血
魔女であるエタナが体を貫かれ、その貫かれたお腹より血が流れ始めていた。
「ぐふっ」
そして、そのまま口から血まで流し始める。
「あ、……あっ」
その様子を眺めるティアは体を震わし、呆然と言葉を漏らす。
「(あー、久しぶりに痛みを感じたかも。うぅん……別に、これくらいであれば何も問題はないけど……せっかく、ティアと選んだ服がぐちゃぐちゃになっちゃった。ちょっと、許せないかも)」
そんな今のティアにはエタナの内心まで見透かせない。
腹を貫かれ、口から血を流し、徐々に体温まで低くなっていくエタナを見て、その内心での彼女が余裕綽綽だとは見透かせないだろう。
「……ぁ、あぁ」
ティアの瞳に映るのは自分を庇うように腹を貫かれて倒れているエタナ。
「ガァァァァアアアアアアアアアアアアアアアアア!」
そして、魔女であるエタナを殺したとばかりに元気に咆哮を上げている化け物の姿であった。

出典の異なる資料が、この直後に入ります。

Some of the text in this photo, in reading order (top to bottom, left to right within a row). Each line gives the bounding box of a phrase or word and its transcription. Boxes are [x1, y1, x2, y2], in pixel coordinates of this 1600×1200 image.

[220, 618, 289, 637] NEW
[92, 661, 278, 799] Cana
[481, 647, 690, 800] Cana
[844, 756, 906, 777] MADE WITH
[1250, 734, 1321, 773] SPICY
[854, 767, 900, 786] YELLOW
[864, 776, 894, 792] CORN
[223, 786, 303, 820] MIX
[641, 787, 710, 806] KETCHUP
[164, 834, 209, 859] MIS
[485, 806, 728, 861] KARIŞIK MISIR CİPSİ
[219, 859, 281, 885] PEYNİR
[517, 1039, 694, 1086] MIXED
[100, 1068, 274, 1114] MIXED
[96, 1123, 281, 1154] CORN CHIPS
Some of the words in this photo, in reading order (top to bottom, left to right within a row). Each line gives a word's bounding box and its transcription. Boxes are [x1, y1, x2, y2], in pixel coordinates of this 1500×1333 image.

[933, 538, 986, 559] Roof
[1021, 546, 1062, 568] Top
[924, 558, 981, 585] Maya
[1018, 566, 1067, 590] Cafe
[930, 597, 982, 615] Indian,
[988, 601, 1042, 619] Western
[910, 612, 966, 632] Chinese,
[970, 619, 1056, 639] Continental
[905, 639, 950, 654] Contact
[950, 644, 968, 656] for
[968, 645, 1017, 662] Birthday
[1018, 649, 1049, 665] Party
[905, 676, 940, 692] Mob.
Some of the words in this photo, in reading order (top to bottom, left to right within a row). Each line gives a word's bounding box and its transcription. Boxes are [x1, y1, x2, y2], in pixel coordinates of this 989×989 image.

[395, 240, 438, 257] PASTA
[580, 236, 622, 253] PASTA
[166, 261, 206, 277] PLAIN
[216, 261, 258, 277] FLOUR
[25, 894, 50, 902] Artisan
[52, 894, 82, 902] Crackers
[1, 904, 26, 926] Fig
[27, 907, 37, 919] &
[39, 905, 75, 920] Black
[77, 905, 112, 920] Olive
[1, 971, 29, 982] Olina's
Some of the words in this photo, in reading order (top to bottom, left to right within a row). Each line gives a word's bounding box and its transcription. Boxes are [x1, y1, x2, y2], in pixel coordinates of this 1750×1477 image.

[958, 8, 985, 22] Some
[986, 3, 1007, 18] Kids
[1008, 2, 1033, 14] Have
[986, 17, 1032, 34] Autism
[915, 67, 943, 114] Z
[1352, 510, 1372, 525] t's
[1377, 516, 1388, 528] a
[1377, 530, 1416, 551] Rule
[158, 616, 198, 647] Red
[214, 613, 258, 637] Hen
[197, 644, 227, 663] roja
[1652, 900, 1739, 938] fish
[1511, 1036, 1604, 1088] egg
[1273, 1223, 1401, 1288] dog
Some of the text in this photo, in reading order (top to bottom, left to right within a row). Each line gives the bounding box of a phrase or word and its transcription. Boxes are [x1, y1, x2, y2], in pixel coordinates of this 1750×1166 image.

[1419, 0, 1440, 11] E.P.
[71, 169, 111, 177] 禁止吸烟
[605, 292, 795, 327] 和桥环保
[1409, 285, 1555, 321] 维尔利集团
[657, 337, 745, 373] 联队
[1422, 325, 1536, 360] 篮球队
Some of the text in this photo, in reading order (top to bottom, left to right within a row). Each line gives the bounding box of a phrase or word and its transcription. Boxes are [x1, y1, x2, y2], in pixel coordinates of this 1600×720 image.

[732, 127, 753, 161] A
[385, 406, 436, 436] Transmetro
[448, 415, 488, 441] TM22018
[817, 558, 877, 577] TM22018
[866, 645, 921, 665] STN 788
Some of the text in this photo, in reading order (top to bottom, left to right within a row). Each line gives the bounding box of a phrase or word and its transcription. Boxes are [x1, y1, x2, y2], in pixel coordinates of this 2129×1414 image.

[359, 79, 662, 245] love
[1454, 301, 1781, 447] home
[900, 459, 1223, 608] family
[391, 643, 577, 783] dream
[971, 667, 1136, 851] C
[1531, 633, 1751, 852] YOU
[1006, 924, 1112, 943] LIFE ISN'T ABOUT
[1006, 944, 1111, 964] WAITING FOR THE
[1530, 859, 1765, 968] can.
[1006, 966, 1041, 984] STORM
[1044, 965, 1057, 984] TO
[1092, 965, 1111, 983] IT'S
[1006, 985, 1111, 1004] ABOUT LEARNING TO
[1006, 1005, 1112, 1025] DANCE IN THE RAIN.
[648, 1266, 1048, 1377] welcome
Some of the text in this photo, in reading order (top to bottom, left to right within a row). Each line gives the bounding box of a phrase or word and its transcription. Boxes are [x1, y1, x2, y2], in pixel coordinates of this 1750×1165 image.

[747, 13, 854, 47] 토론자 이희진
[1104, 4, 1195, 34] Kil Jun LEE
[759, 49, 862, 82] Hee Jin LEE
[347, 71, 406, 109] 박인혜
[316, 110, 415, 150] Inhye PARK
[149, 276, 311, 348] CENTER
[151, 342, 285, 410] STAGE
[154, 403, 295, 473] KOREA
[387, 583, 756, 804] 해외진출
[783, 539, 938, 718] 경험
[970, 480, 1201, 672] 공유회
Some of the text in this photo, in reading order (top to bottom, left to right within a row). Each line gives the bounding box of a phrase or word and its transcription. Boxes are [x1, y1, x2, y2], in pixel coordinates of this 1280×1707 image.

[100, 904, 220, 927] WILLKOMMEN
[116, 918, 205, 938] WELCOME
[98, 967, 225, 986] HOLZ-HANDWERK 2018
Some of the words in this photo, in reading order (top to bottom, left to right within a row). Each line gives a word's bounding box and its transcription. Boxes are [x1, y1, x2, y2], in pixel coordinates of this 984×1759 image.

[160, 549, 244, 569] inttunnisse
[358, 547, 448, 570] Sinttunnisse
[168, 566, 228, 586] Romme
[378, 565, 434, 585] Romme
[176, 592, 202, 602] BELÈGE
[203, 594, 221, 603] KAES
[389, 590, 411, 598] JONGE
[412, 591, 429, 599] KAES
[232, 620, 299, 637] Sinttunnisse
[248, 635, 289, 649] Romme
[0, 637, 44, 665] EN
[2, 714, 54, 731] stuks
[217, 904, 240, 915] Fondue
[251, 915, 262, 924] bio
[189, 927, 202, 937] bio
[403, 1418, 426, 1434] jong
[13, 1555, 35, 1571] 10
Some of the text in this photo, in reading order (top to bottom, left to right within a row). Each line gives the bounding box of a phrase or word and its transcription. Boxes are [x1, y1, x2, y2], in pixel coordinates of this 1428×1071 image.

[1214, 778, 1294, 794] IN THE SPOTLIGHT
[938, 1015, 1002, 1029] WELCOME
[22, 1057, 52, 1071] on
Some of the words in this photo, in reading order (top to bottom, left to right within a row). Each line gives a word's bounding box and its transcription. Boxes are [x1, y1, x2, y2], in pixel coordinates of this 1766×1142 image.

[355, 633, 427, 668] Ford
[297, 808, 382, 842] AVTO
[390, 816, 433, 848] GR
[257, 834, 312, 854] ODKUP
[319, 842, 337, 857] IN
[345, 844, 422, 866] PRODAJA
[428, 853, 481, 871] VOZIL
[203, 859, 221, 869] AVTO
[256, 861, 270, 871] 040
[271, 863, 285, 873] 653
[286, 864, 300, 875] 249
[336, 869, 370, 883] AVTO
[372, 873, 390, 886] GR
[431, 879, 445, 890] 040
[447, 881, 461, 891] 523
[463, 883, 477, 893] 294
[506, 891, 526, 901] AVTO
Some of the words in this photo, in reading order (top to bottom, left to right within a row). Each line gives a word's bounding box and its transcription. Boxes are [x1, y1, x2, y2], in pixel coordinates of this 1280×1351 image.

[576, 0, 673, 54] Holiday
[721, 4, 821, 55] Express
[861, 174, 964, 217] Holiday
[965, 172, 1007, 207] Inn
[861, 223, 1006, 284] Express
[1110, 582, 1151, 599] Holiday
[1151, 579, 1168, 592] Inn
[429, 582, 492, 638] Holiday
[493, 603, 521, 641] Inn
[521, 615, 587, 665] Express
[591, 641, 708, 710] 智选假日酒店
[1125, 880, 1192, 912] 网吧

「あぁぁぁぁぁぁぁぁぁあああああああああああああああああああああああっ!?」
それらを完全にティアは受け入れ、それを現実として認めると共にティアは、絶叫をあげる。
ありとあらゆる感情が織り交ざった絶叫を。
「あぁぁぁぁぁぁぁぁぁあああああああああああああああああああああああっ!?」
その瞳は、ティアの瞳はぐるりと回転し、エタナではなくそれを刺した化け物の方へと向く。
「許せない、許せない許せない」
その瞳からは、怒りの、声を、怨嗟の声を漏らす。
「許せない許せない許せない許せない許せない許せない許せない許せない許せない許せない許せない許せない許せない許せない許せない許せない許せない許せない許せない許せない許せない許せない許せない許せない許せない許せない許せない許せない許せない許せない許せない許せない許せない許せない許せない許せない許せない許せない許せない許せない許せない許せない許せない許せない許せない許せない許せない許せない許せない許せない許せない」
「……て、ティアっ!?」
怨嗟の声を吐き、怒りに身を包むティアから、どす黒いオーラが漏れ始める。
「ちょっつ!?」
それがなんであるのか。
エタナの目には理解できなかった。
ただ、それが普通のものでないことは半ば直感的に理解出来た。
「……ぁあ」
「何をっ!?」
ティアが動き出すのと、エタナが暴走していた自身の魔力を再び制御し終えたのはほぼ同時。
「……死んで」
「そぉいっ!?」
そして、ティアが化け物に向けて殺意を向けるのと、エタナが魔法を発動させたのは完全に同時であった。